[[ Entries provided open ]]

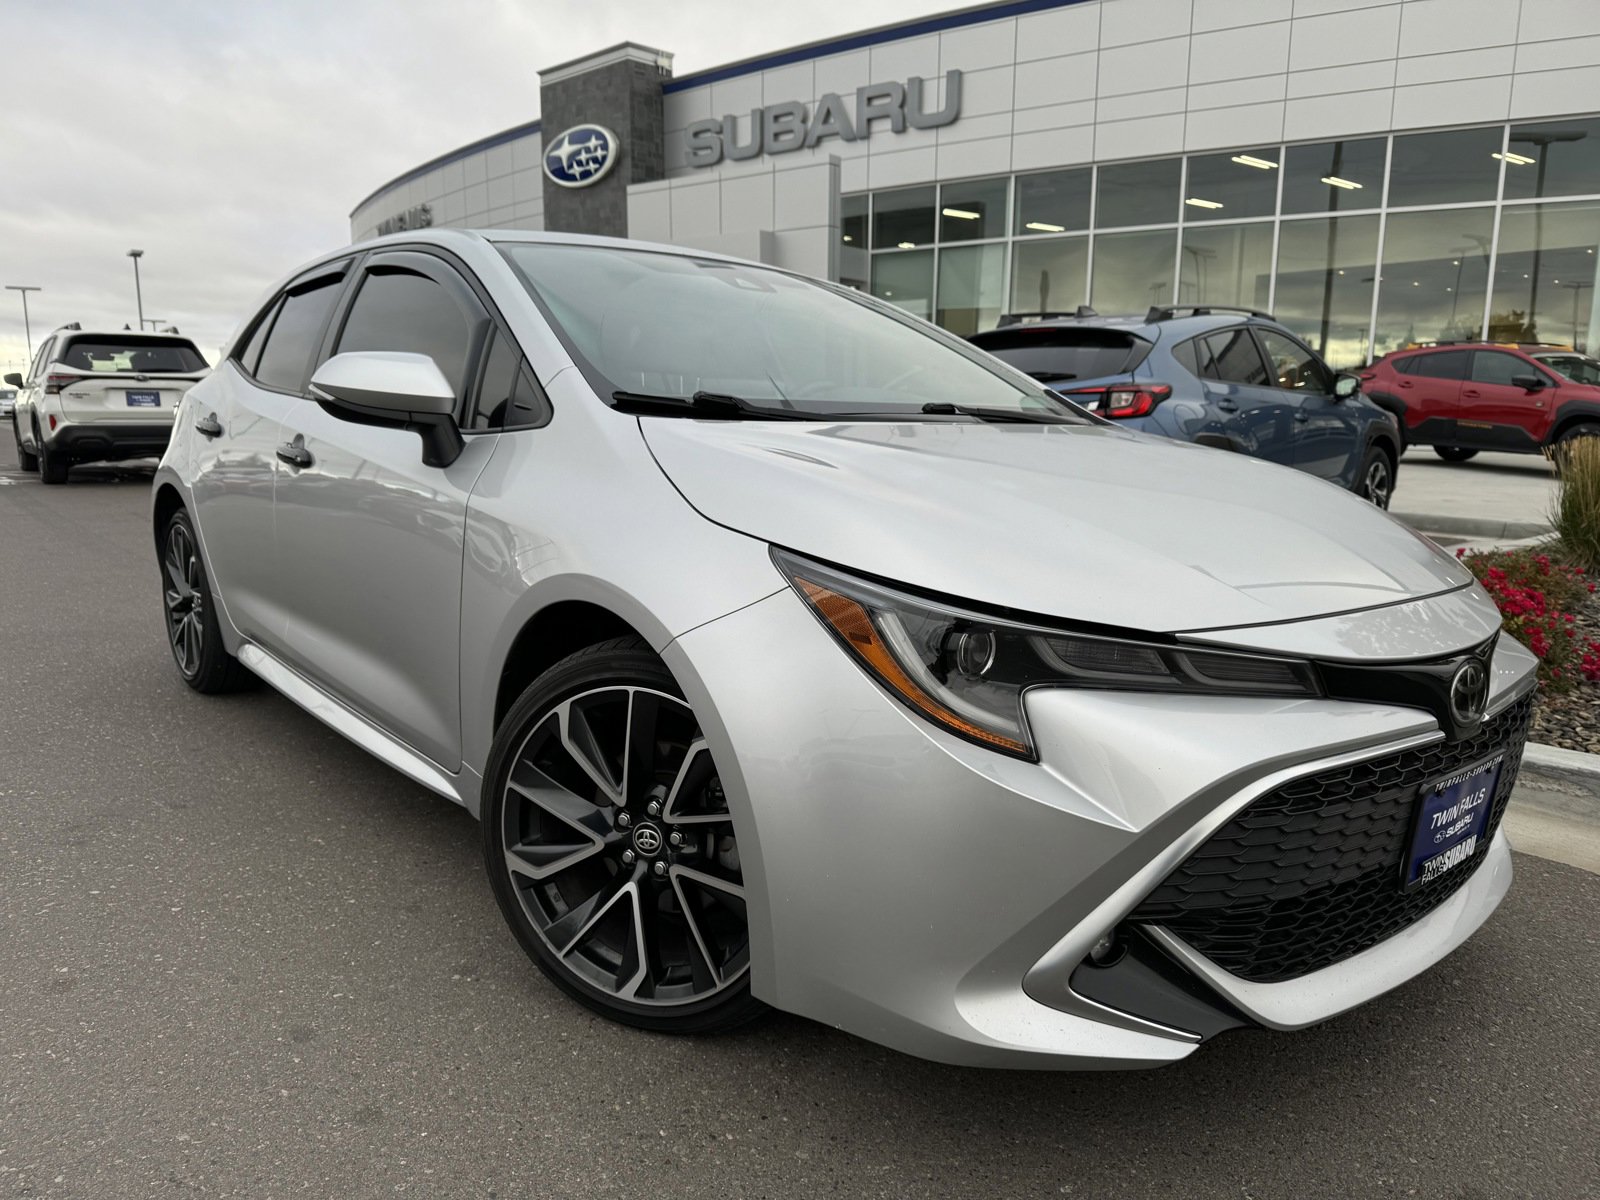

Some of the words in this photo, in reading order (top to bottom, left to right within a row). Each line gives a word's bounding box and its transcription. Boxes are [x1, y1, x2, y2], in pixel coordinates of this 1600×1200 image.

[684, 69, 963, 168] SUBARU
[1430, 803, 1460, 830] TWIN
[1458, 787, 1486, 816] FALLS
[1445, 811, 1475, 838] SUBARU
[1424, 852, 1447, 874] TWIN
[1442, 834, 1478, 873] SUBARU
[1421, 864, 1445, 886] FALLS
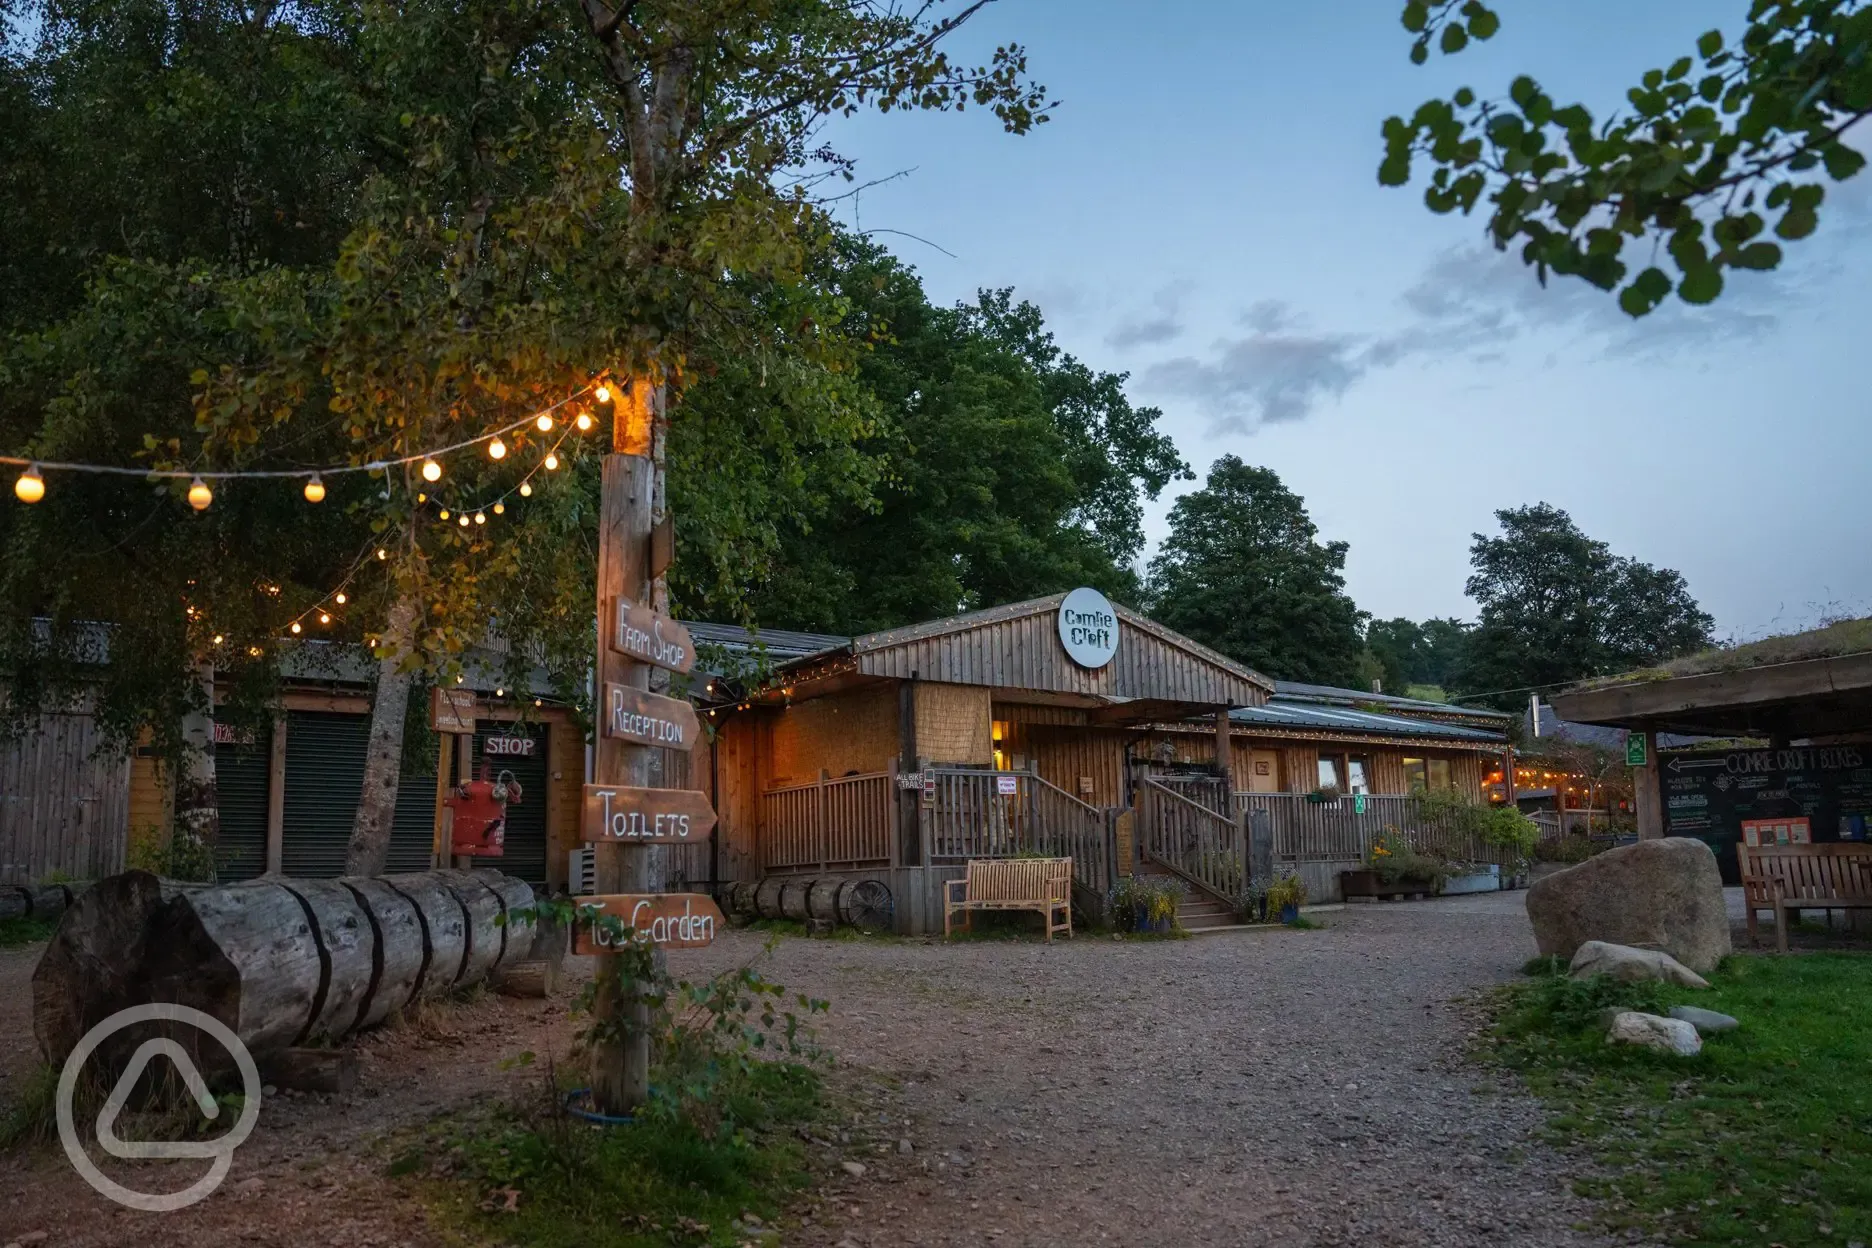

[[ Entries provided closed ]]

# [Activity]
In the copy, include every record exactly and no pictures.

# [Answer space]
Some of the words in this photo, in reading order (top to bottom, left to right within a row). Each line gives a word's bounding box and its transcription. Boxes are [x1, y1, x2, y2], in pixel coordinates of this 1600×1200 image.

[684, 69, 963, 168] SUBARU
[1430, 803, 1460, 830] TWIN
[1458, 787, 1486, 816] FALLS
[1445, 811, 1475, 838] SUBARU
[1424, 852, 1447, 874] TWIN
[1442, 834, 1478, 873] SUBARU
[1421, 864, 1445, 886] FALLS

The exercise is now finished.